“Farms” are just an outgrowth of the interest in competitive pinball in general from my point of view. I don’t see any real reason to cap the number of events that can happen at a location. I’m really happy that Erik can open up District 82 on weekends several times a year and run competitive pinball events at a location that does not rely on food & beverage sales to stay in business.
For like 4-5 additional selfish reasons I’m happy about the proposed WPPR v5.8 changes. There are very few events right now that center competitive pinball and as a player there is a huge difference between playing in a tournament that’s attached to a show compared to going to a show that is built around a tournament.
Some thing like that can work and 20 let’s you have Monthly + an few bigger event at the same place / best X so that you can have events 2 Monthly + an few bigger ones and only take your best ones.
There needs to be something that is more then an small amount and less then no limit.
So is the nerf for flip frenzies just because people concede strategically more than other formats? Or is it just getting nerfed because it’s too efficient?
Also, I’m seeing conflicting wording here. Is it the case that a frenzy can never be more than 75% value (since it’s TGP * 1/2 and TGP maxes at 150%, minus special boosts) now, or can they still be 150%, they just need twice as many games to get there?
I like the expanded 150% TGP, will be a welcome boon to leagues and other larger form tournaments
Combination of things. Concessions were one part. The other part was just the weirdness of an event where a player can win every single game they play for the evening, and not necessarily win the tournament. To my knowledge it’s the only format where that’s possible.
As for TGP the rule is we’re using “Average number of matches played divided by 2”. Play 76 matches and you’ll enter 38 meaningful games played for TGP which will earn 150%.
Pin-Golf is in a good spot. There’s just enough organized to only slightly annoy Adam and Michael at having to review the results. Any more and I may lose them as volunteers
As someone who took a few event cycles to understand how the PinGolf submissions work, I have to give a shout-out to @haugstrup for how it’s integrated into MatchPlay.events. Makes it very very easy to isolate the needed numbers into a URL that can be passed along to the IFPA.

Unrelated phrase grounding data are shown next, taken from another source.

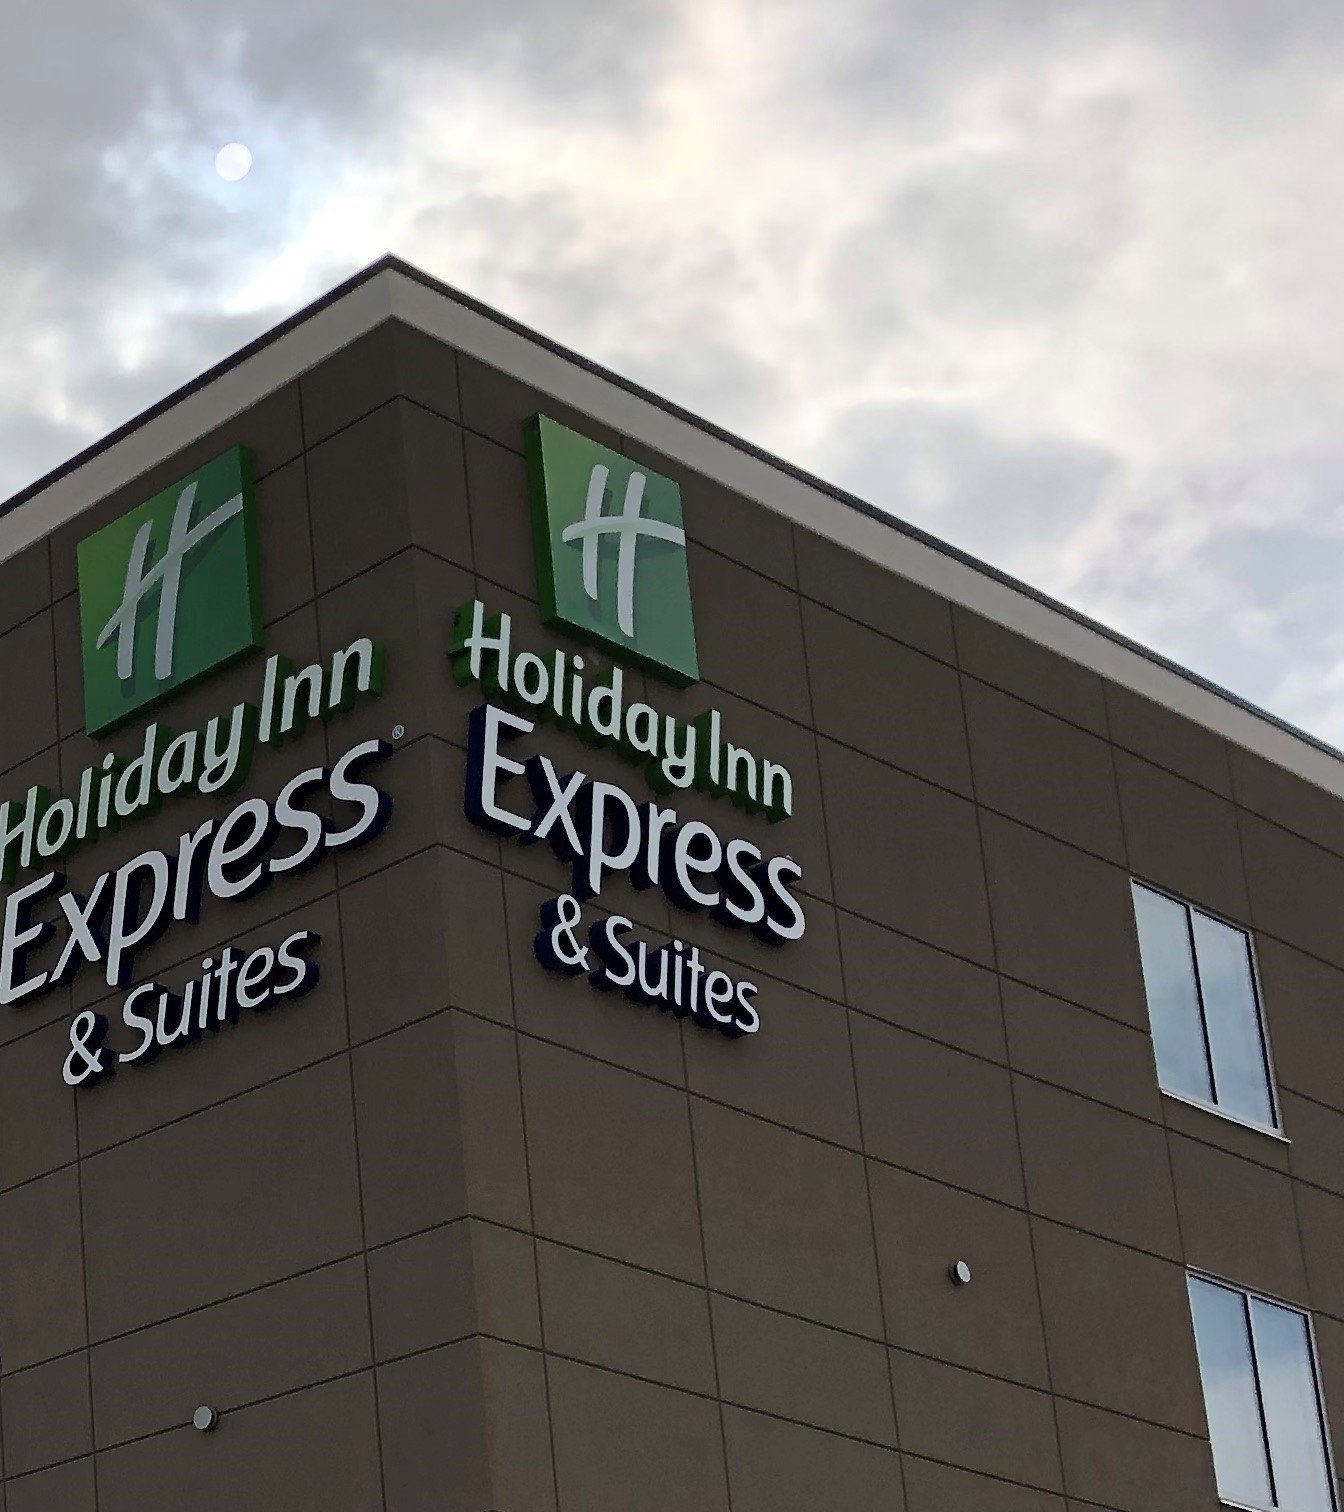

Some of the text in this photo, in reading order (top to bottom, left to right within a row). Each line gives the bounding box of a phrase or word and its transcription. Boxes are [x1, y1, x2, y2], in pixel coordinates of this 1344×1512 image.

[258, 637, 374, 743] Inn
[462, 599, 793, 818] Holiday Inn
[480, 703, 807, 941] Express
[61, 930, 310, 1086] & Suites
[550, 893, 761, 1034] & Suites
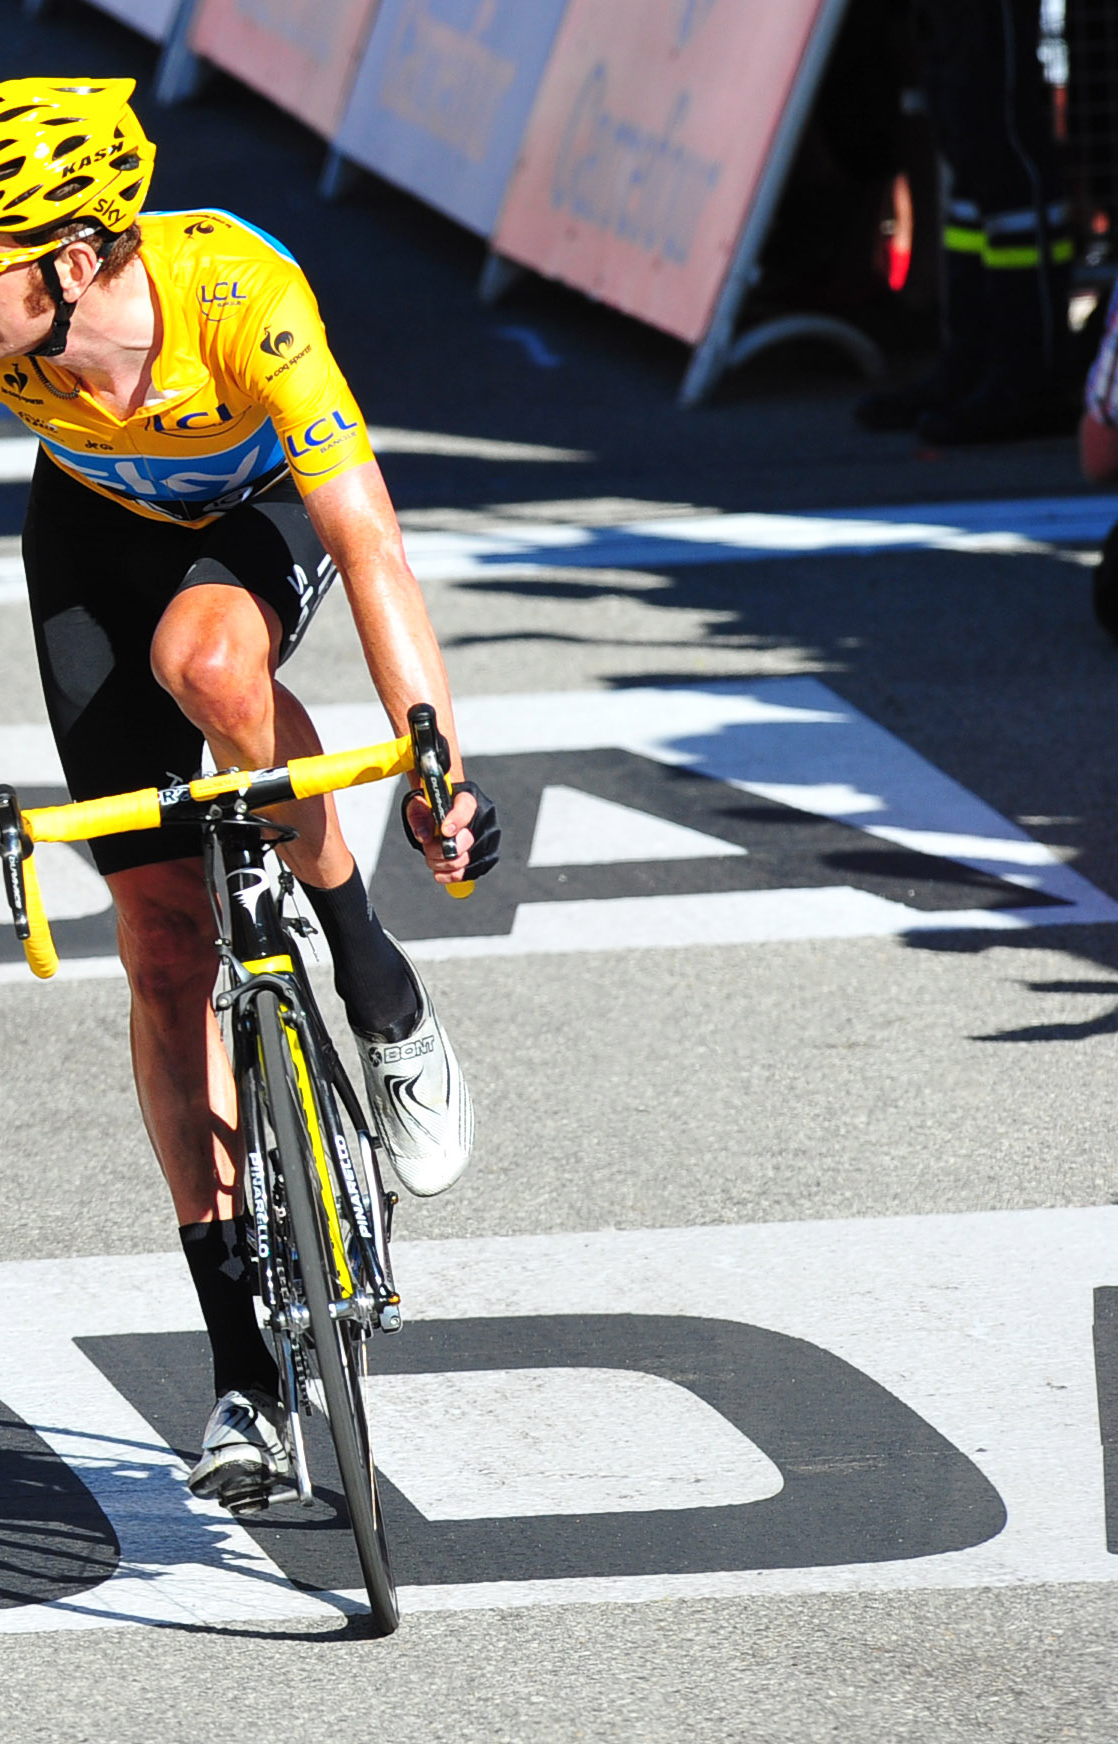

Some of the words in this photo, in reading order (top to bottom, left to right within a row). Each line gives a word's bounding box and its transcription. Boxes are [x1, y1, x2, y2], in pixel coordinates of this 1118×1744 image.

[62, 141, 124, 178] KASK
[201, 281, 247, 303] LCL
[286, 410, 358, 458] LCL
[383, 1034, 435, 1065] BONT
[334, 1134, 373, 1239] PINARELLO

PinGolf is super fun and I want to do more events next year. We have also been kicking around doing a PinBowling event.
and to not miss stuff can we at the very least get an TPG ruling for games with MODE ENDS GAME before all balls are played?
And one for MODE ENDS BALL (Not from drain or tilt)
I’m loving that the endgame of this discussion is heading towards formats being the main problem. I can’t wait till we FF into the future and IFPA only awards wwprs to officially recognized, specific, sanctioned formats.
I may or may not have forgotten what I did to help out with Pingolf submissions… Would you mind refreshing my memory so I can make sure the new version of MP is equally nice for Pingolf submissions?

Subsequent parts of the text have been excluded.